Mexique
04.11.09
Interventions urgentes

M. Jacobo Silva Nogales et Mme Gloria Arenas Agis ont été libérés_Allégations de torture et autres mauvais traitements

Cas MEX 050602.3_FR
Suivi des cas MEX 0500602, MEX 0500602.1 y MEX 0500602.2
Mises en liberté

Genève, le 4 novembre 2009

Le Secrétariat International de l’Organisation Mondiale Contre la Torture (OMCT) a reçu de nouvelles informations concernant la situation suivante au Mexique.

Nouvelles informations

Le Secrétariat International de l’OMCT a été informé par des sources fiables, parmi lesquelles Antenna Internationale, une organisation membre du réseau SOS-Torture de l’OMCT, au sujet de la libération de Mme Gloria Arenas Agís et de celle de M. Jacobo Silva Nogales. Ceux-ci avaient été arrêtés en octobre 1999, et l'OMCT avait émis des actions les concernant, en raison de violations des droits de l'Homme, incluant des allégations de torture et de mauvais traitements[1], dont ils avaient été victimes.

Selon les informations reçues, Mme Gloria Arenas Agís et M. Jacobo Silva Nogales ont été remis en liberté, respectivement le 28 octobre 2009 et le 29 octobre 2009, après avoir passé dix ans en prison purgeant une peine, selon les dénonciations injustes, d'environ 50 ans. Leur libération a eu lieu suite à une décision (amparo) de la justice fédérale en leur faveur après avoir été détenus durant dix ans.

En effet, le 23 septembre 2009, la Première Salle de la Cour suprême de justice de la nation a décidé en faveur de Mme Gloria Arenas Agís et de M. Jacobo Silva Nogales sur le recours déposé contre la décision rendue par le Deuxième tribunal collégial en matière pénale et administrative du vingt-et-unième circuit. En février 2008, ce tribunal les avait acquittés des délits d'homicide mais il avait reconfirmé les charges de rébellion à leur encontre. Il a été signalé que, selon les dénonciations, les magistrats avaient augmenté, de façon arbitraire, leur condamnation pour actes de rébellion jusqu'à 14 ans et 2 mois, dans le but de les garder en détention.
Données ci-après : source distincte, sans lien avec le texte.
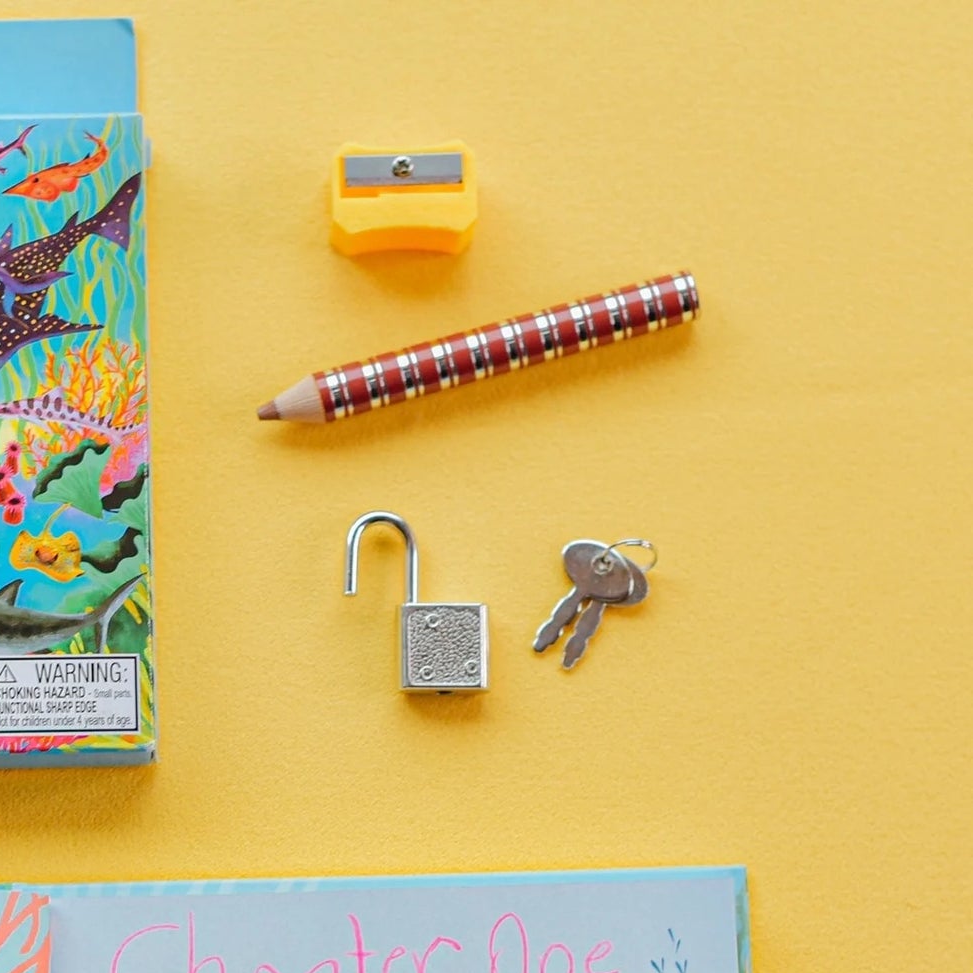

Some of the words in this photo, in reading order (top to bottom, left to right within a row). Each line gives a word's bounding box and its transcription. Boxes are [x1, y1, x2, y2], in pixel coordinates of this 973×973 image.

Pour cette raison, M. Jacobo Silva Nogales avait introduit un recours en amparo en argumentant que le tribunal avait excédé ses attributions et les avait condamnés deux fois pour le même délit.

Sur la base de ce recours approuvé à l'unanimité le 23 septembre 2009, le tribunal a du rendre une nouvelle sentence en tenant compte des années que Mme Gloria Arena Agís et M. Jacobo Silva Nogales ont passé en prison, afin de modifier la peine imposée, en raison de la peine déjà purgée.
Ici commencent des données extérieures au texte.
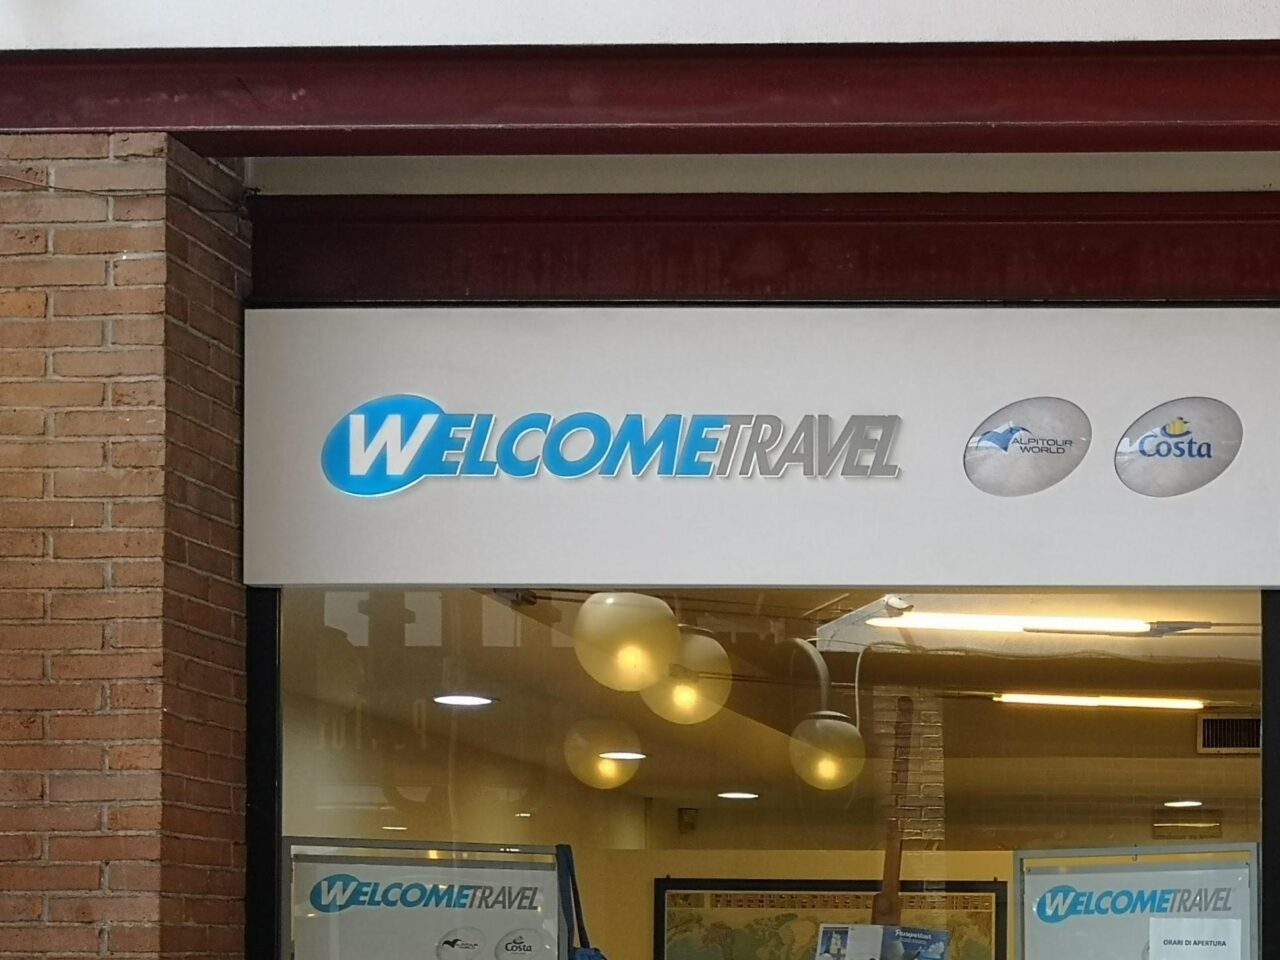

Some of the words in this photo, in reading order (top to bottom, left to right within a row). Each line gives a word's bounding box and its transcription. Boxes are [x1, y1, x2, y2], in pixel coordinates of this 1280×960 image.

[340, 410, 903, 480] WELCOMETRAVEL
[1011, 437, 1073, 448] ALPITOUR
[1019, 445, 1066, 455] WORLD
[1138, 432, 1213, 461] Costa
[317, 878, 540, 912] WELCOMETRAVEL
[1040, 886, 1233, 918] WELCOMETRAVEL
[505, 941, 532, 952] Costa
Le Secrétariat International de l’OMCT salue la libération de M. Jacobo Silva Nogales et de Mme Gloria Arenas Agís, cependant, il demeure préoccupé concernant la situation légale des personnes qui sont toujours détenues au Mexique, et concernant le besoin de garantir une enquête immédiate, exhaustive, indépendante, effective et impartiale sur chacune de ces allégations de torture ou/et de mauvais traitements.

A cet égard, l'OMCT rappelle que l'article 7 du Pacte international relatif aux droits civils et politiques (PIDCP), pacte auquel le Mexique est un Etat partie, stipule que: "Nul ne sera soumis à la torture ni à des peines ou traitements cruels, inhumains et dégradants", et l'article 11 de la Convention contre la torture, dont le Mexique est aussi un Etat partie, signale que: "Tout Etat partie exerce une surveillance systématique sur les règles, instructions, méthodes et pratiques d'interrogatoire, et sur les dispositions concernant la garde et le traitement des personnes arrêtées, détenues ou emprisonnées de quelque façon que ce soit sur tout territoire sous sa juridiction, en vue d'éviter tout cas de torture".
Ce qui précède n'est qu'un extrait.